MartinThoma, CC0, via Wikimedia Commons (edited)

Neural network models have proven to be highly effective in solving segmentation problems, achieving state-of-the-art accuracy. They’ve led to significant improvements in various applications, including medical image evaluation, autonomous driving, robotics, satellite imagery, video surveillance, and rather more. Nonetheless, constructing these models normally takes a protracted time, but after reading this guide you’ll have the option to construct one with just a couple of lines of code.

Table of content

  1. Introduction
  2. Constructing blocks
  3. Construct a model
  4. Train the model

Segmentation is the duty of dividing a picture into multiple segments or regions based on certain characteristics or properties. A segmentation model takes a picture as input and returns a segmentation mask:

(Left) An input image | (Right) Its segmentation mask. Each images by PyTorch.

Segmentation neural network models consist of two parts:

  • An encoder: takes an input image and extracts features. Examples of encoders are ResNet, EfficentNet, and ViT.
  • A decoder: takes the extracted features and generates a segmentation mask. The decoder varies on the architecture. Examples of architectures are U-Net, FPN, and DeepLab.

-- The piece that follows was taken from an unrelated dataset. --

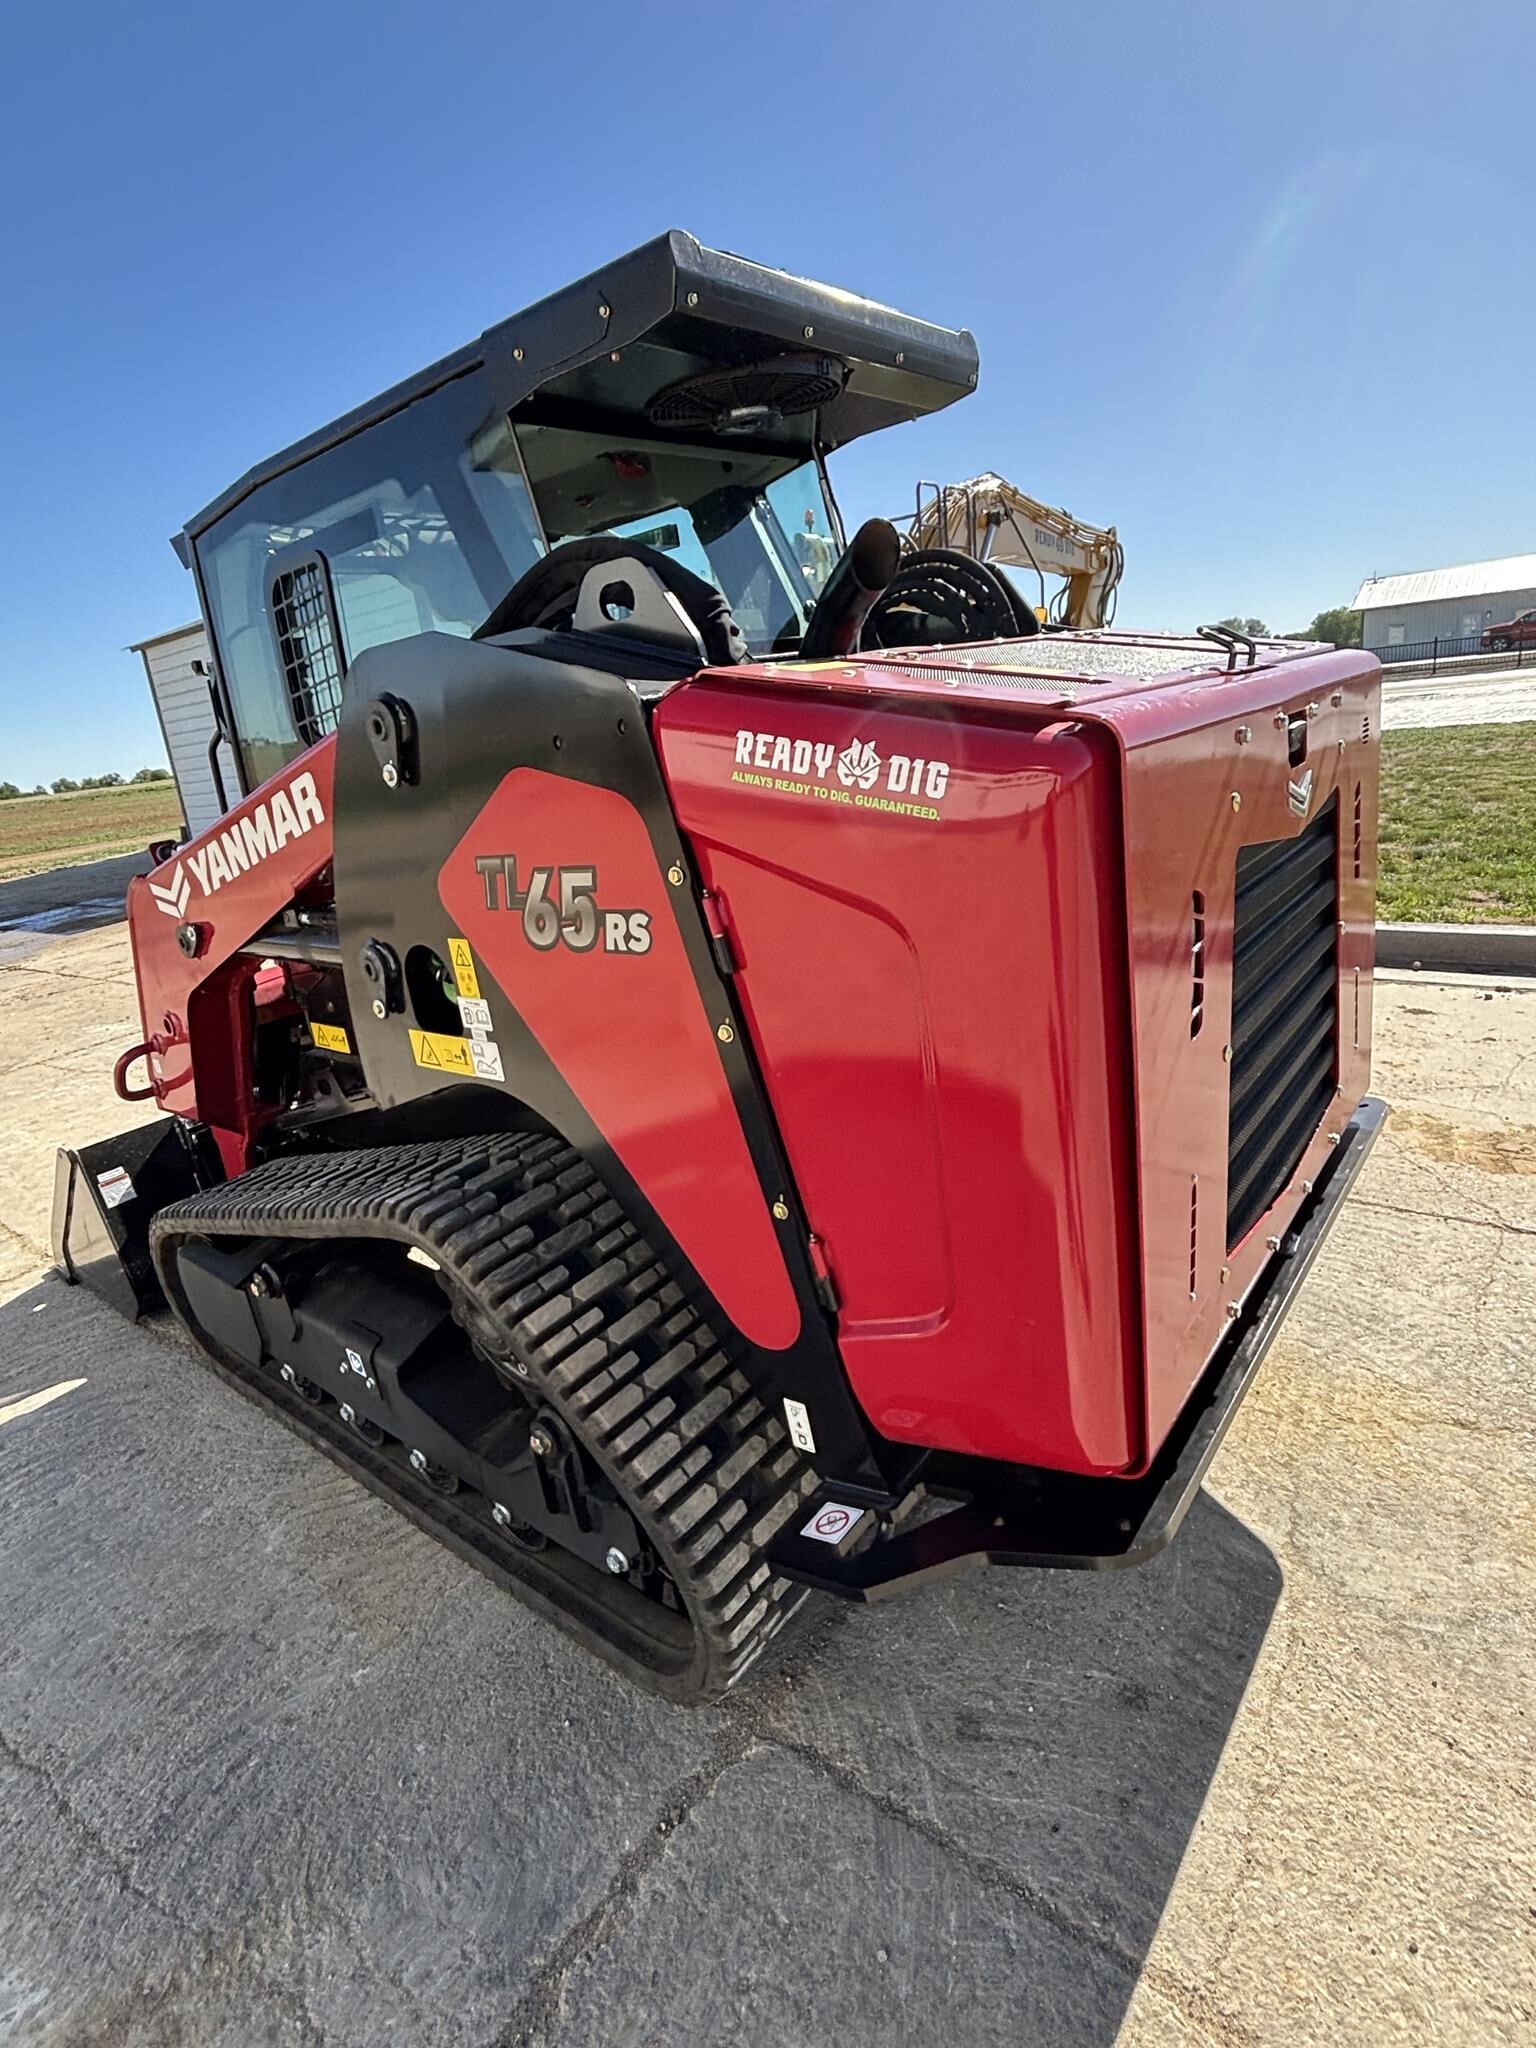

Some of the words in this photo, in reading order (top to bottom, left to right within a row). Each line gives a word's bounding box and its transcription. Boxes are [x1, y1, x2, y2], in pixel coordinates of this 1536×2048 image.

Thus, when constructing a segmentation model for a selected application, you’ll want to select an architecture and an encoder. Nonetheless, it’s difficult to decide on the most effective combination without testing several. This normally takes a protracted time because changing the model requires writing quite a lot of boilerplate code. The Segmentation Models library solves this problem. It means that you can create a model in a single line by specifying the architecture and the encoder. Then you definately only need to switch that line to vary either of them.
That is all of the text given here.